How do you do that? With mediocrity. With piffle. With something that says nothing. Basically, a piece, a book, as Wikipedia entry. If it's nonfiction, they want quotes from Ringo, even if none of those quotes rise above the level of him saying, "I thought it was great." The quotes--the actual quotation marks--are like a hug. 

 

Here's the other thing: This is what you'd see if and when these Beatles books of mine ever come out. You'd pretty much get this. People want books about nonfiction subjects to be empty, Wikipedia-adjacent, cheerleading events, without ideas or depth, but in this case, gushy, mindless praise for "the boys," because such people have these creepy, deranged parasocial connections with them.

 

I clearly have no agenda, no angle I work.
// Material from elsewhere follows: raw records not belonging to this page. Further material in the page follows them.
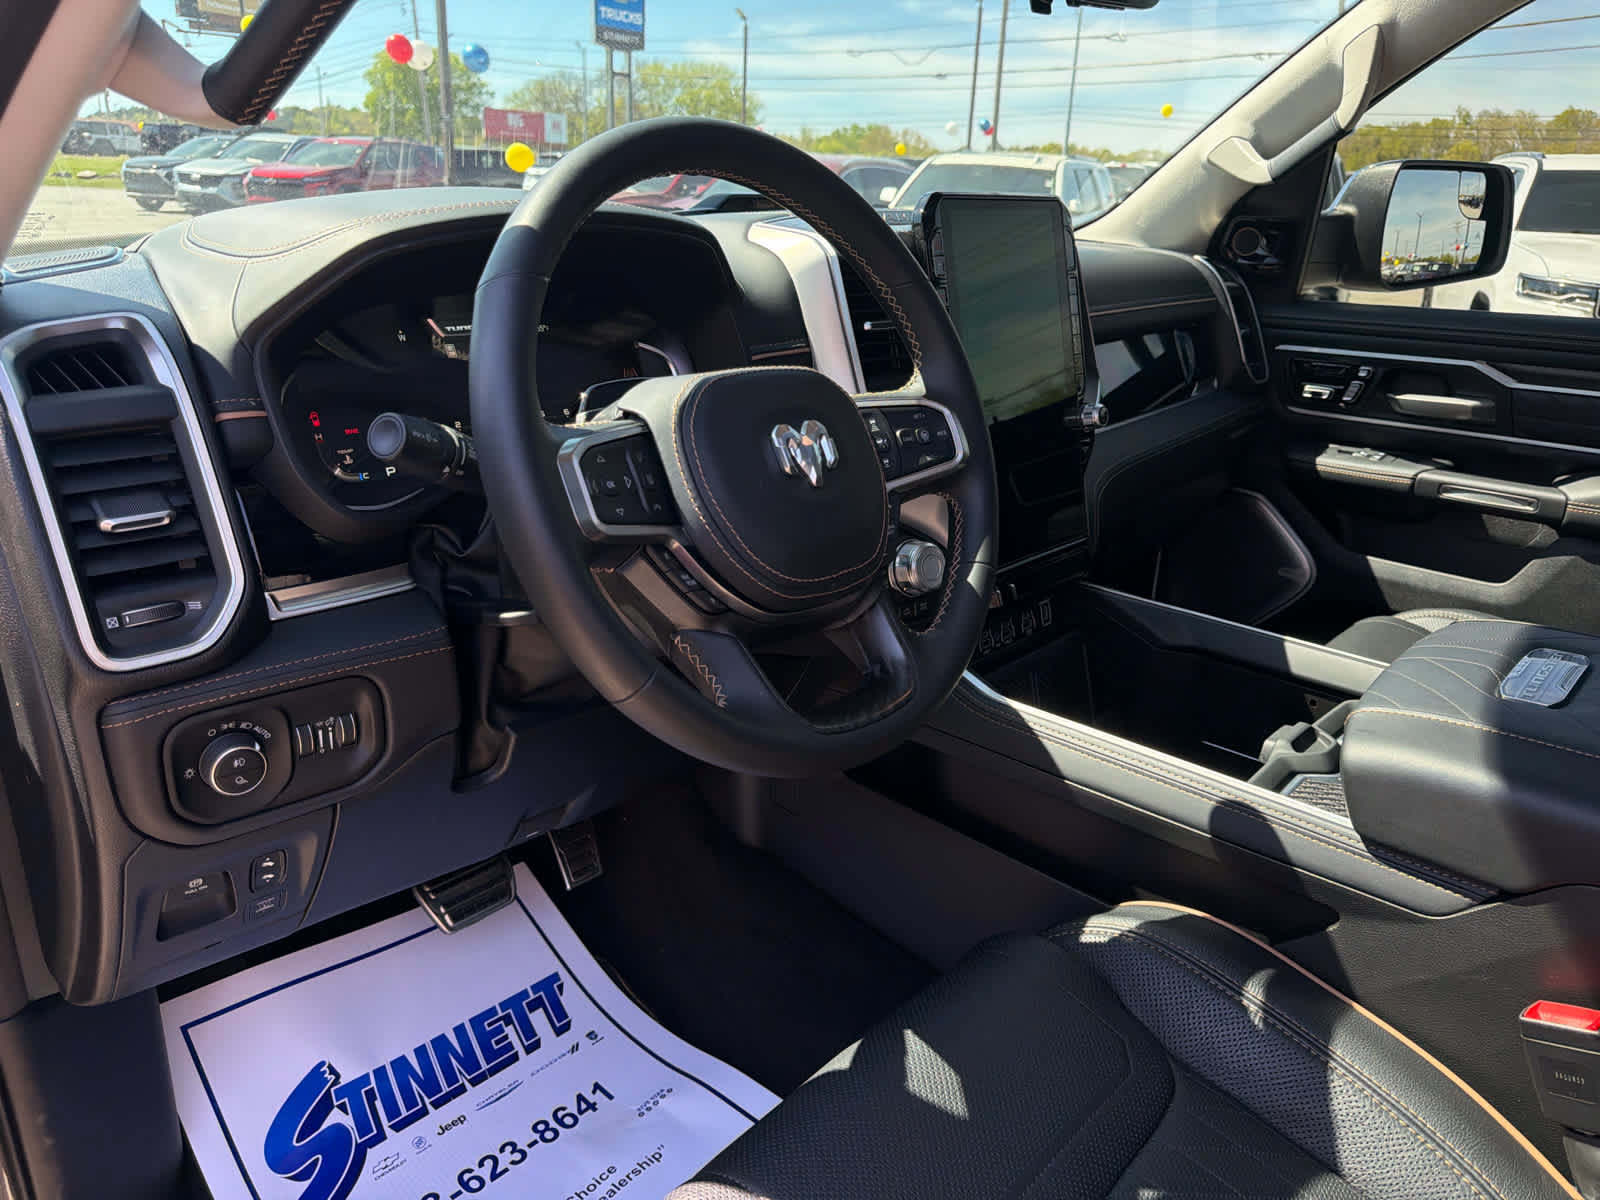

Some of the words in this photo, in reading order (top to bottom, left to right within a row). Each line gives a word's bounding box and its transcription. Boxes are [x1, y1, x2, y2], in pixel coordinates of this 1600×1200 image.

[385, 465, 397, 477] P
[253, 725, 272, 739] AUTO
[264, 971, 572, 1200] STINNETT
[437, 1113, 467, 1136] Jeep
[420, 1081, 616, 1200] -623-8641
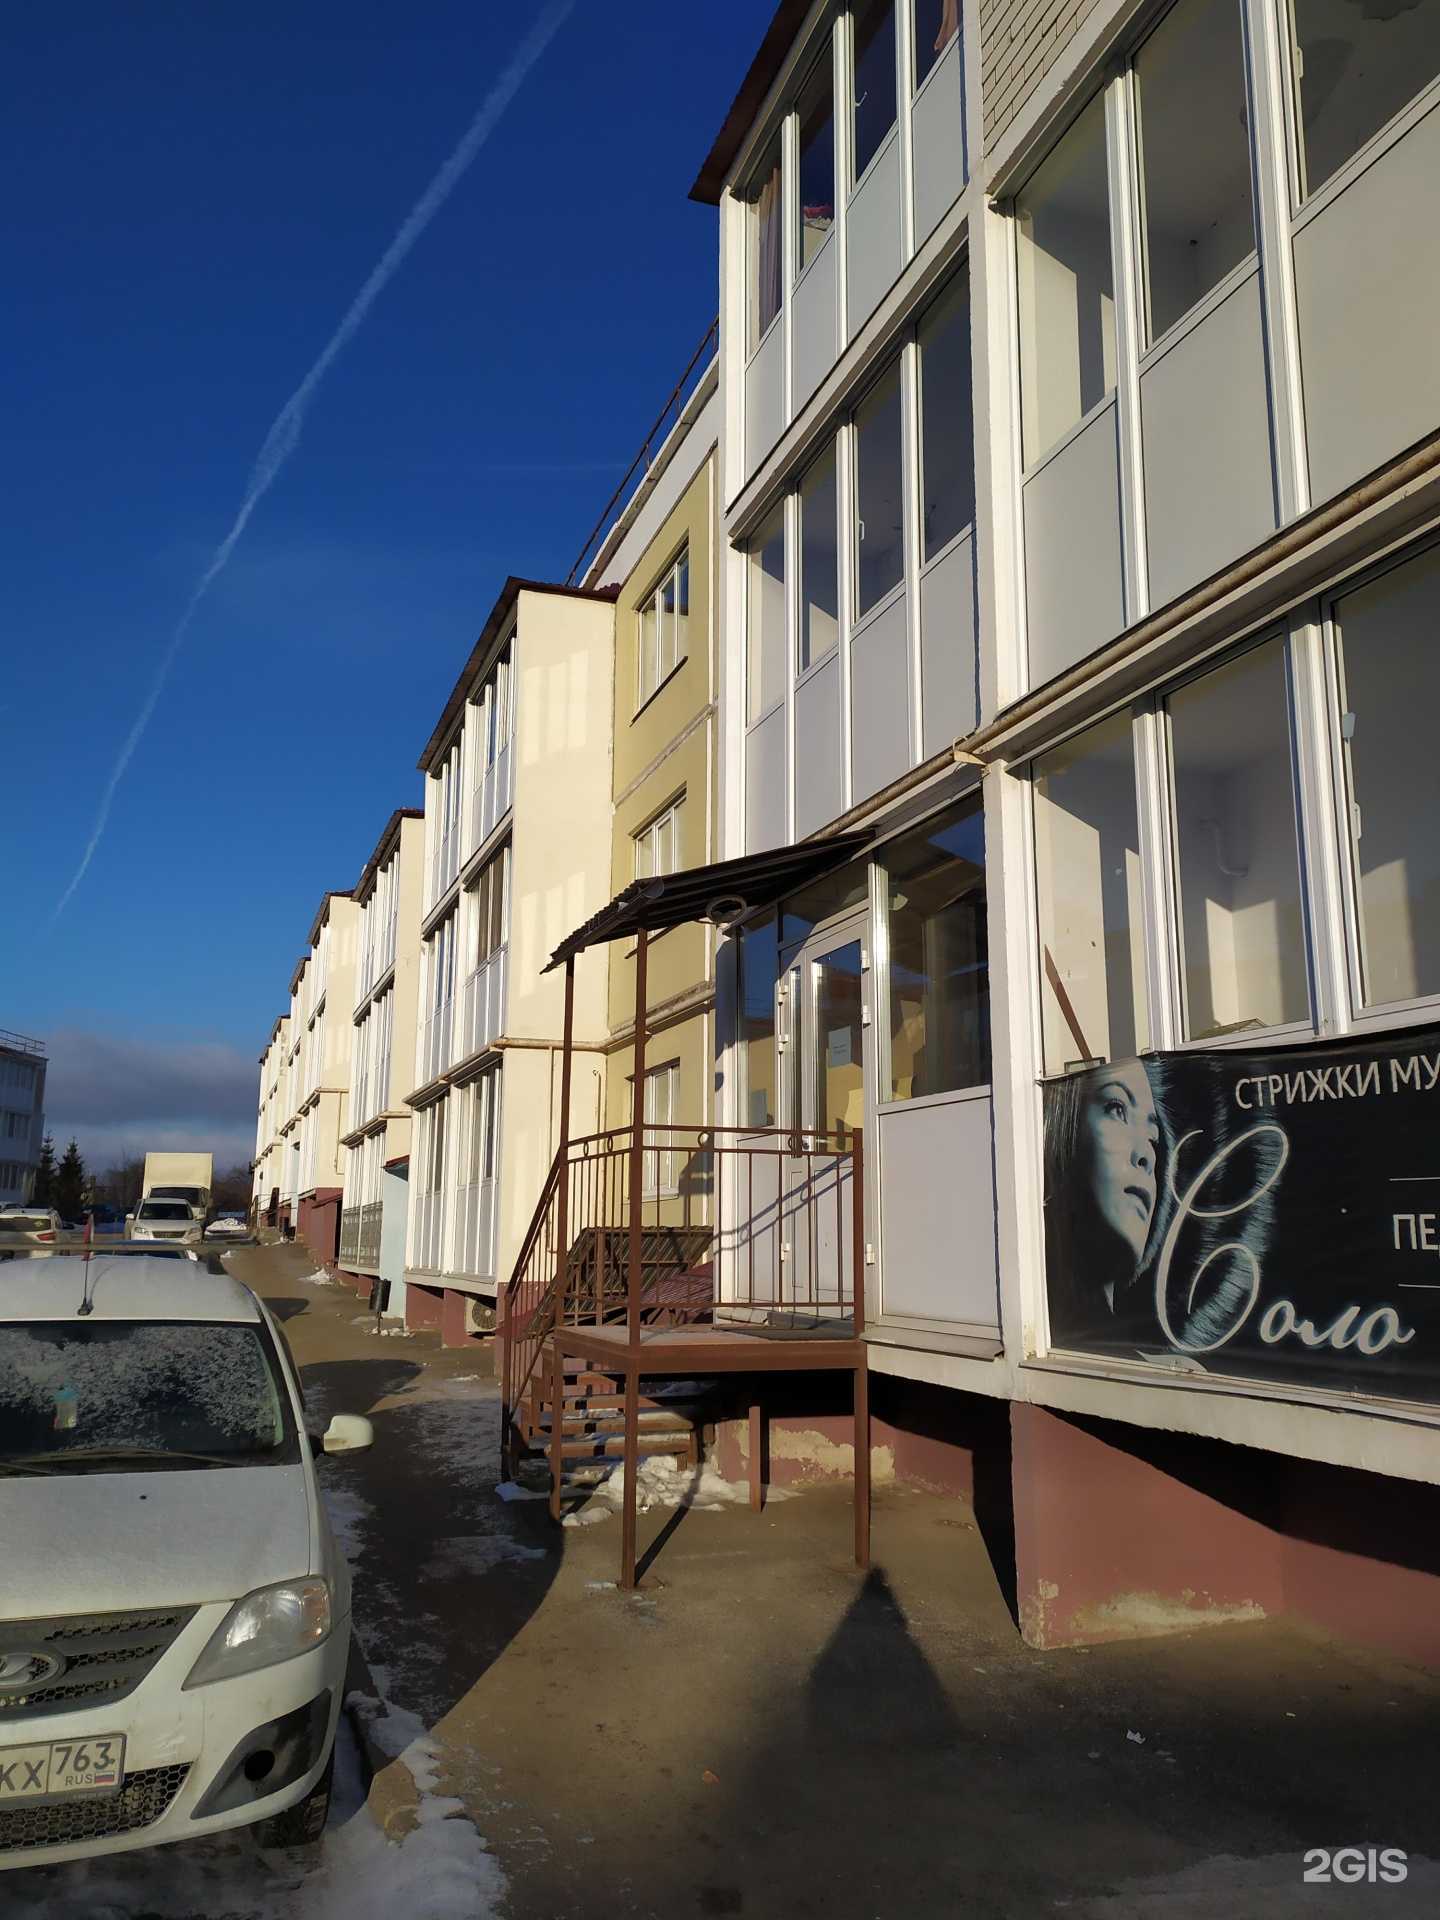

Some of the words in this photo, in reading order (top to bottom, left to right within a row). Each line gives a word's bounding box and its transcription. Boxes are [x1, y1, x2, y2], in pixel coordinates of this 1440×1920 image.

It's a service, really. I hear and understand this art better than others. That's the truth. It's in the the work over many years. There is nothing about the Beatles by anyone else that is at all like what I write about the Beatles. With the depth and insight. From a musical perspective, a historical perspective, cultural, social, global, individual. 

 

But I bet you if you checked this guy's comment history, he doesn't lash out if the piece is vanilla and says little to nothing. I don't see the point. And, of course, I don't see the point in being someone like this, living like that, which is different, in my view, than living at all. It is a norm now, though. Look, then, at the state of discourse, be it with the Beatles or anything else. And, too, the state of the world. 


By the by: I could totally see that being Matt Hanson, aka, Junior Colin.